[Records supplied — start]
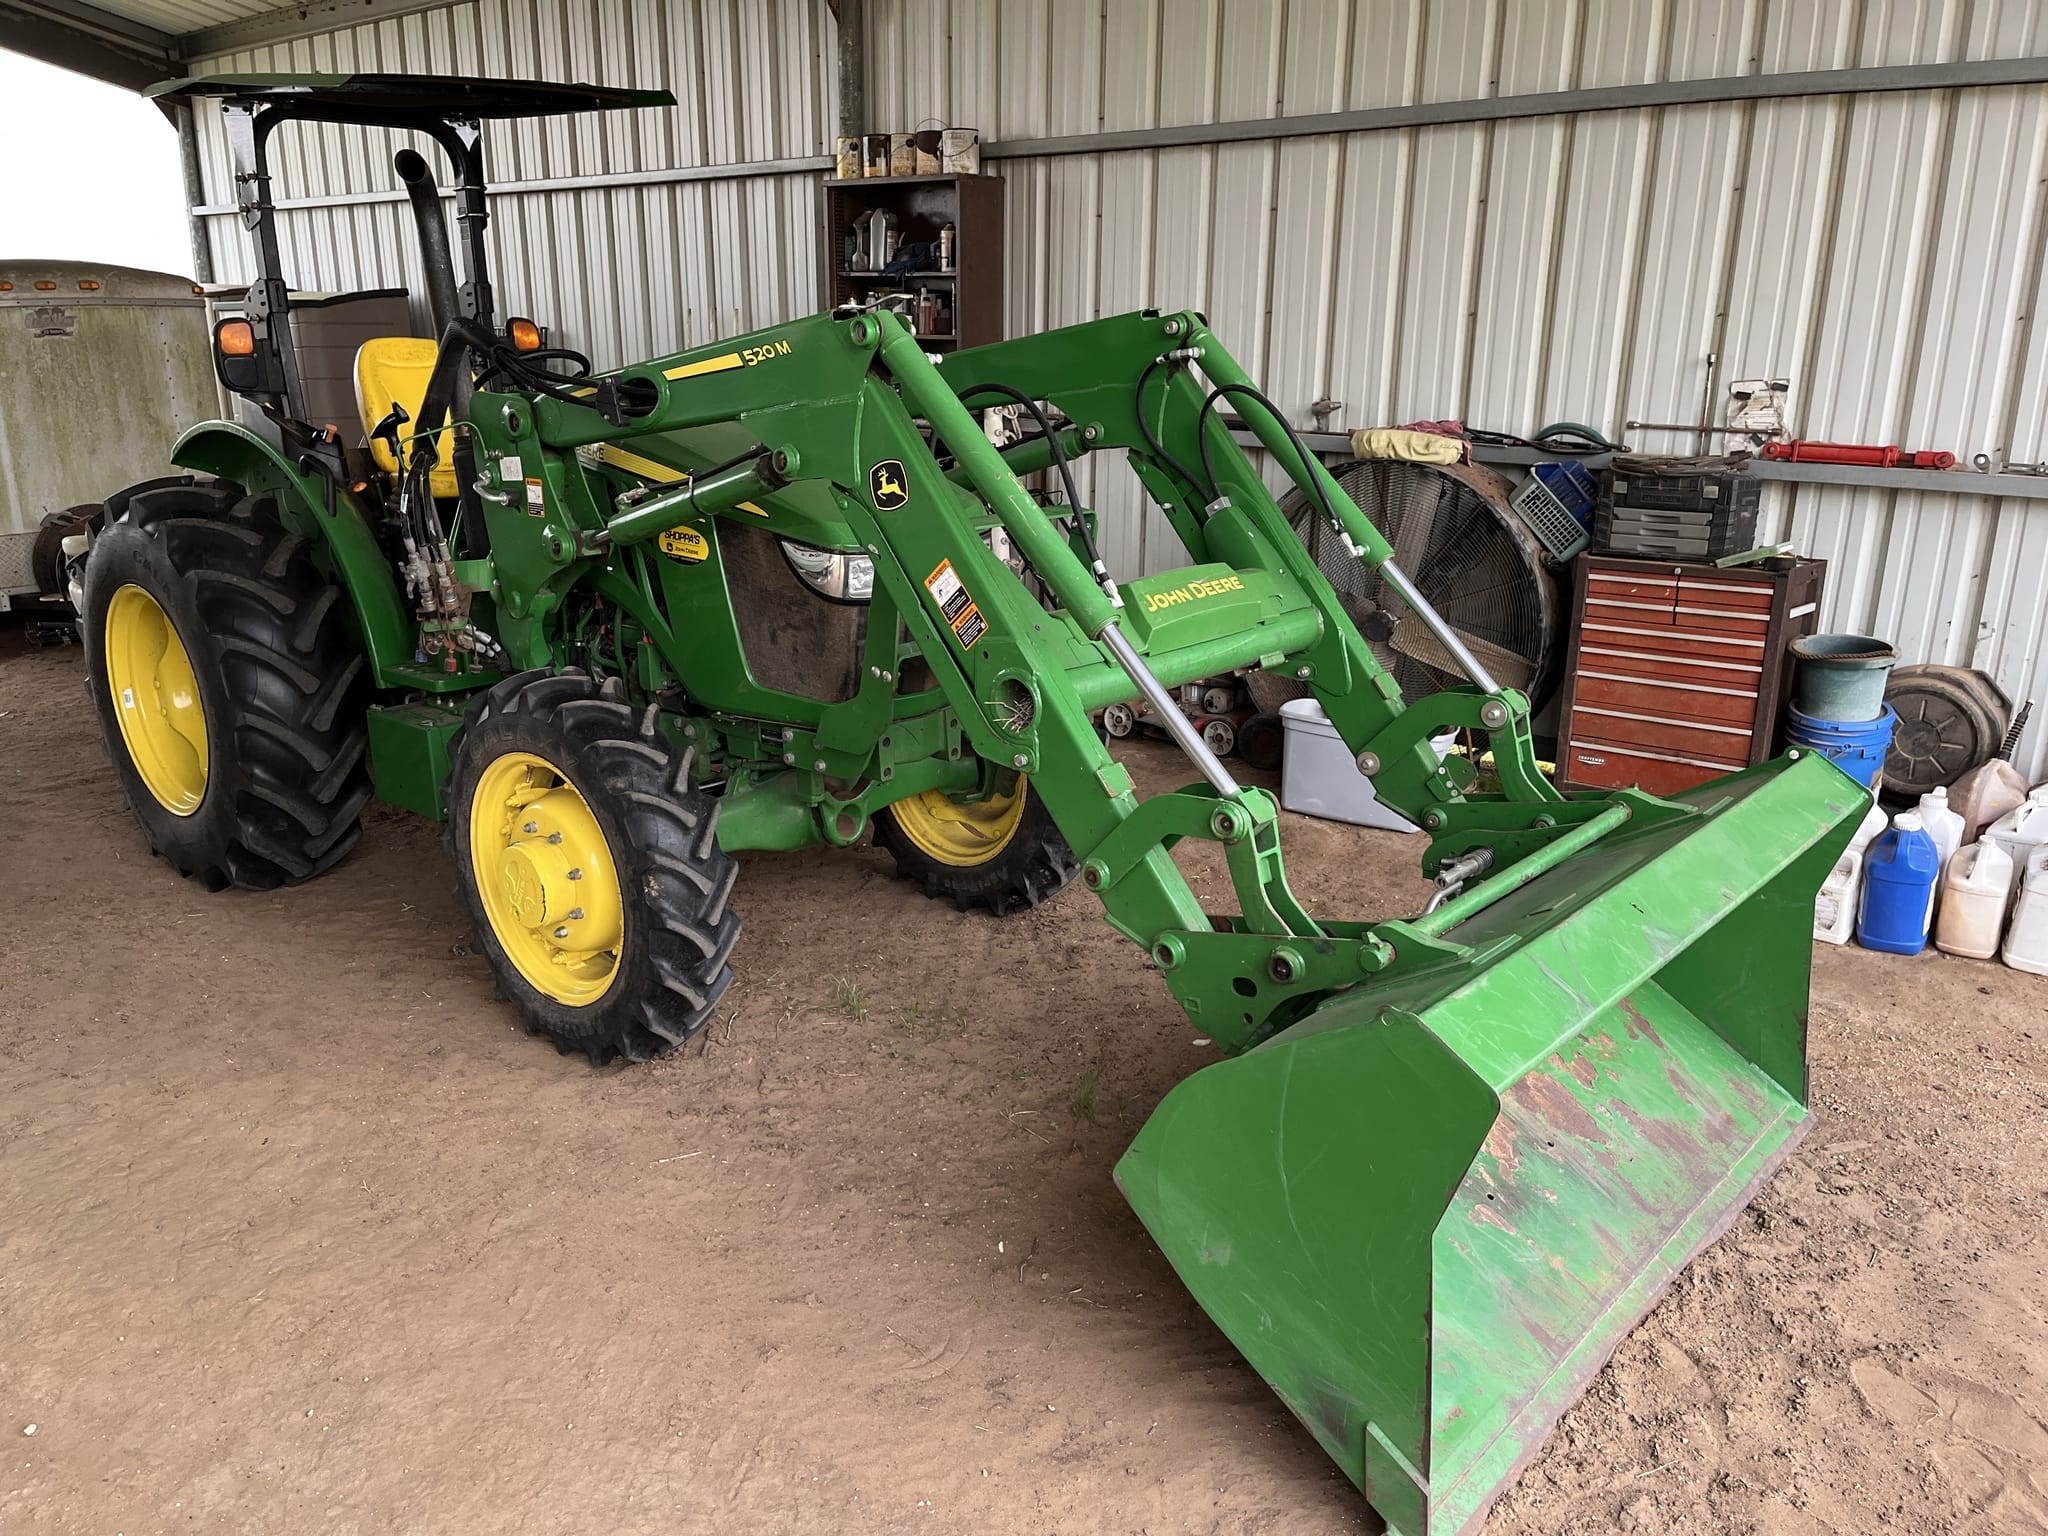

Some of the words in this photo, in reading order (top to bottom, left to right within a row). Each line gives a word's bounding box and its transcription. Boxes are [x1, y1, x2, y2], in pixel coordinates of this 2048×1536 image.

[742, 344, 776, 367] 520
[774, 339, 792, 356] M
[664, 530, 701, 545] SHOPPA'S
[1145, 588, 1194, 613] JOHN
[1187, 576, 1245, 599] DEERE
[Records supplied — finish]
- _Work order_: Please give back every line above exactly as it stands, without pictures.

- _Expected answer_:
Some of the words in this photo, in reading order (top to bottom, left to right within a row). Each line gives a word's bounding box and its transcription. Boxes are [x1, y1, x2, y2], in pixel coordinates of this 2048×1536 image.

[742, 344, 776, 367] 520
[774, 339, 792, 356] M
[664, 530, 701, 545] SHOPPA'S
[1145, 588, 1194, 613] JOHN
[1187, 576, 1245, 599] DEERE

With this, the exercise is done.